YOUR OBJECTIVE |
Your answer must be the records below repeated word for word, with no pictures in it.

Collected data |

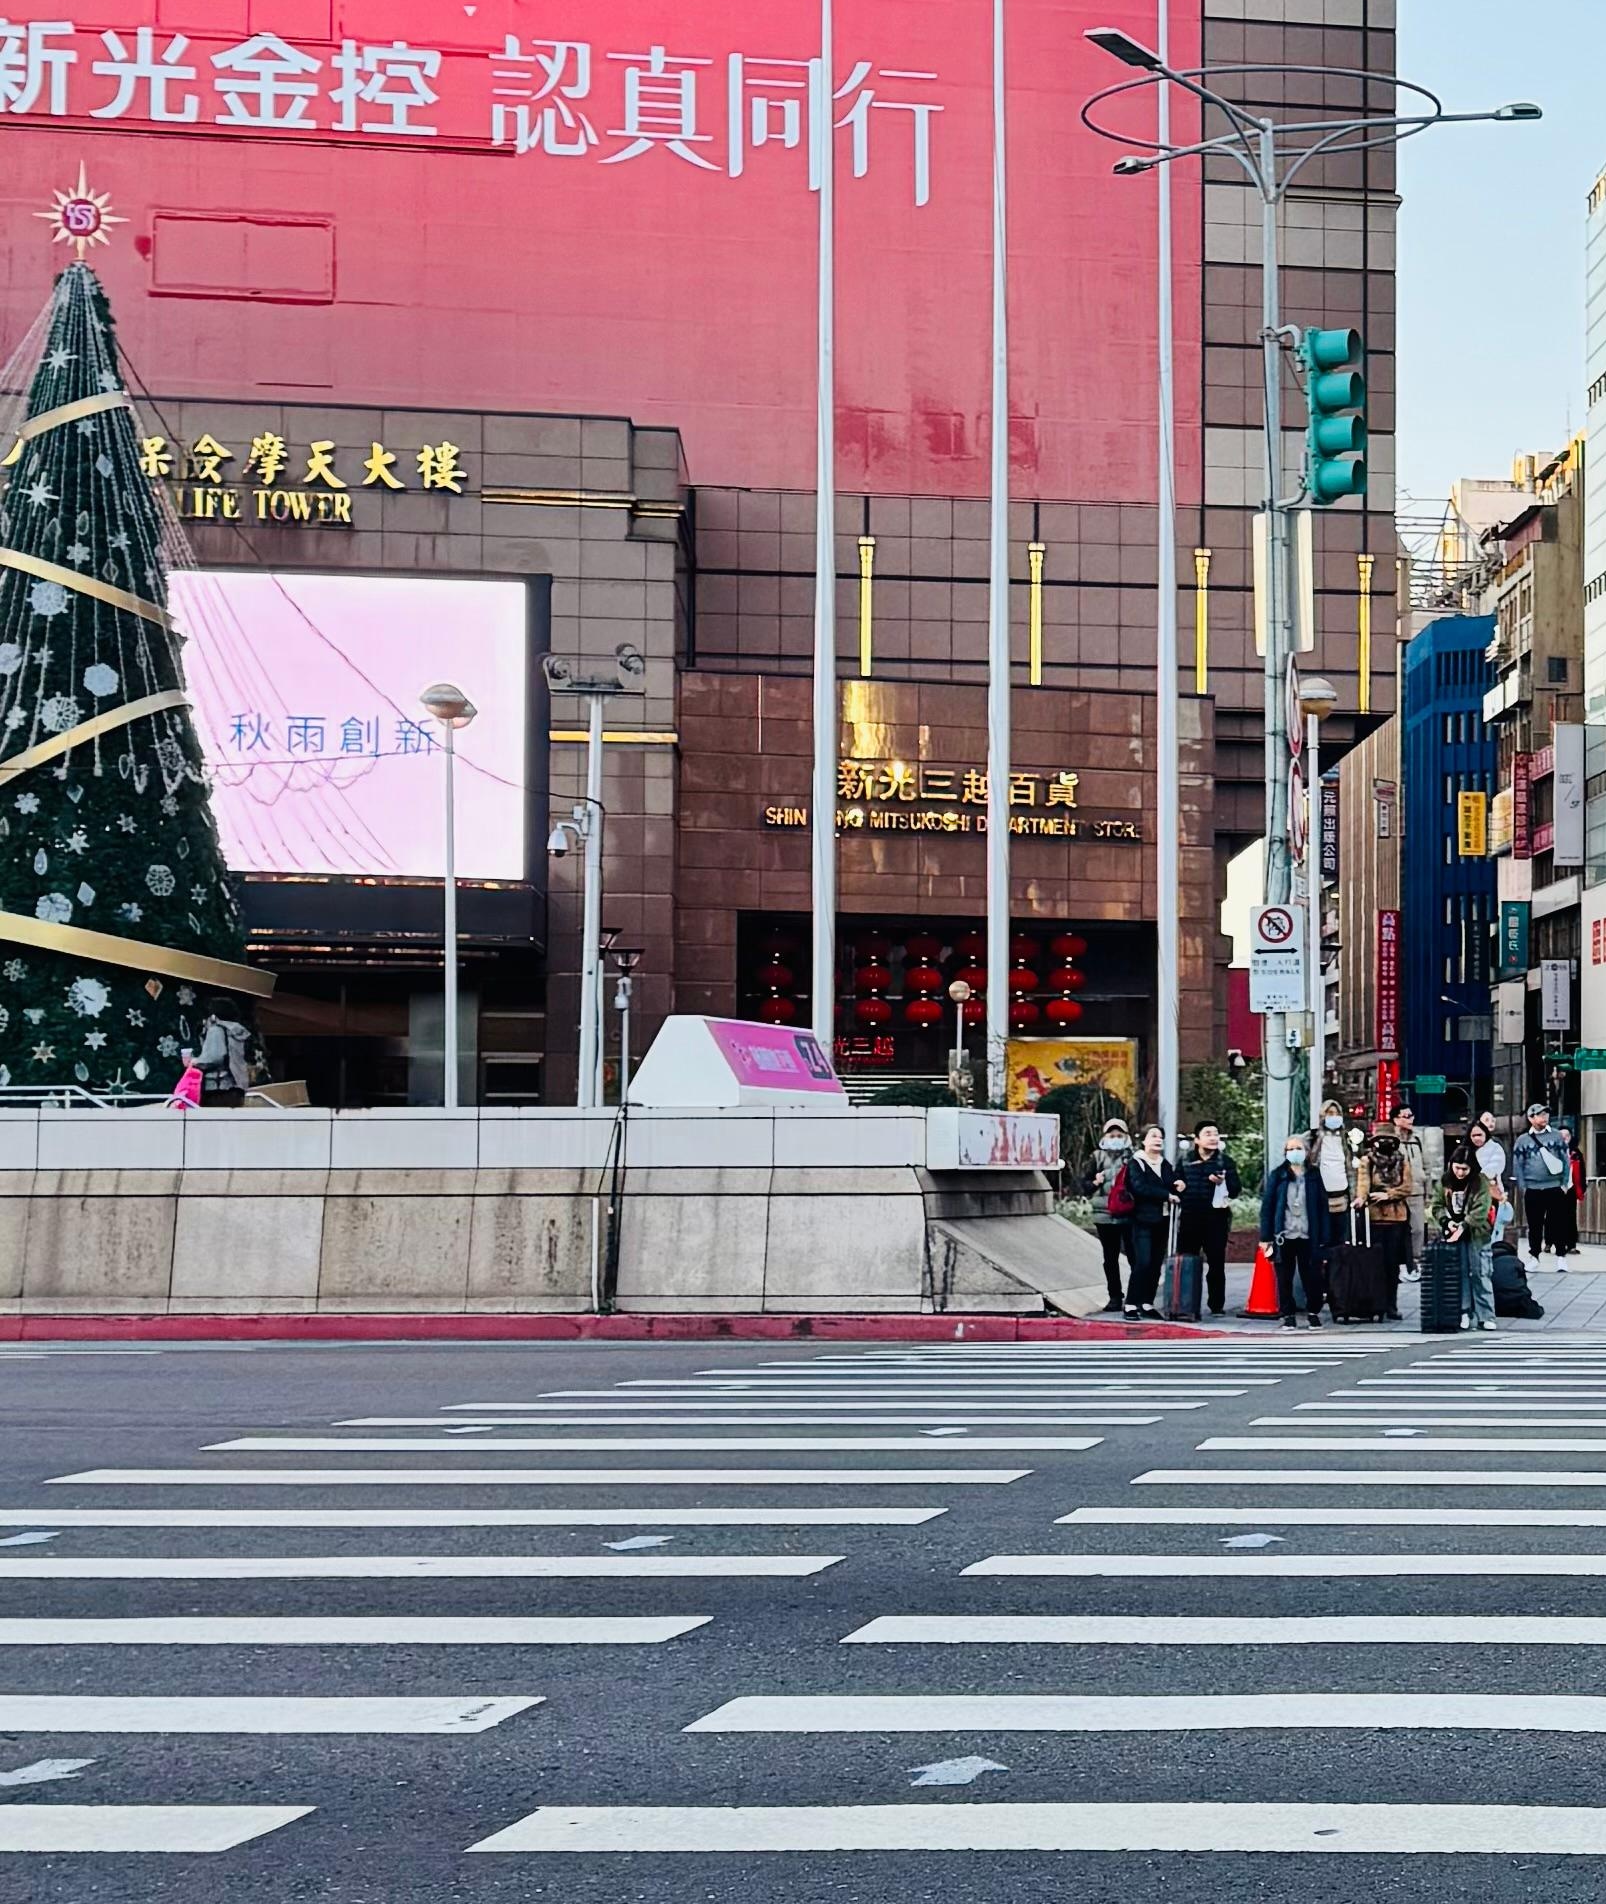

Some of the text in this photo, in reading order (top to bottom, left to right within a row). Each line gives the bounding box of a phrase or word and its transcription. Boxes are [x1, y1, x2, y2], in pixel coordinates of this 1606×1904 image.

[0, 17, 946, 208] 新光金控 認真同行
[176, 487, 353, 525] LIFE TOWER
[227, 711, 437, 757] 秋雨創新
[837, 758, 1080, 809] 新光三越百貨
[765, 806, 808, 827] SHIN
[976, 815, 1084, 837] DARTMENT

RESULT FOR THIS EXERCISE |
Some of the text in this photo, in reading order (top to bottom, left to right within a row). Each line gives the bounding box of a phrase or word and its transcription. Boxes are [x1, y1, x2, y2], in pixel coordinates of this 1606×1904 image.

[0, 17, 946, 208] 新光金控 認真同行
[176, 487, 353, 525] LIFE TOWER
[227, 711, 437, 757] 秋雨創新
[837, 758, 1080, 809] 新光三越百貨
[765, 806, 808, 827] SHIN
[976, 815, 1084, 837] DARTMENT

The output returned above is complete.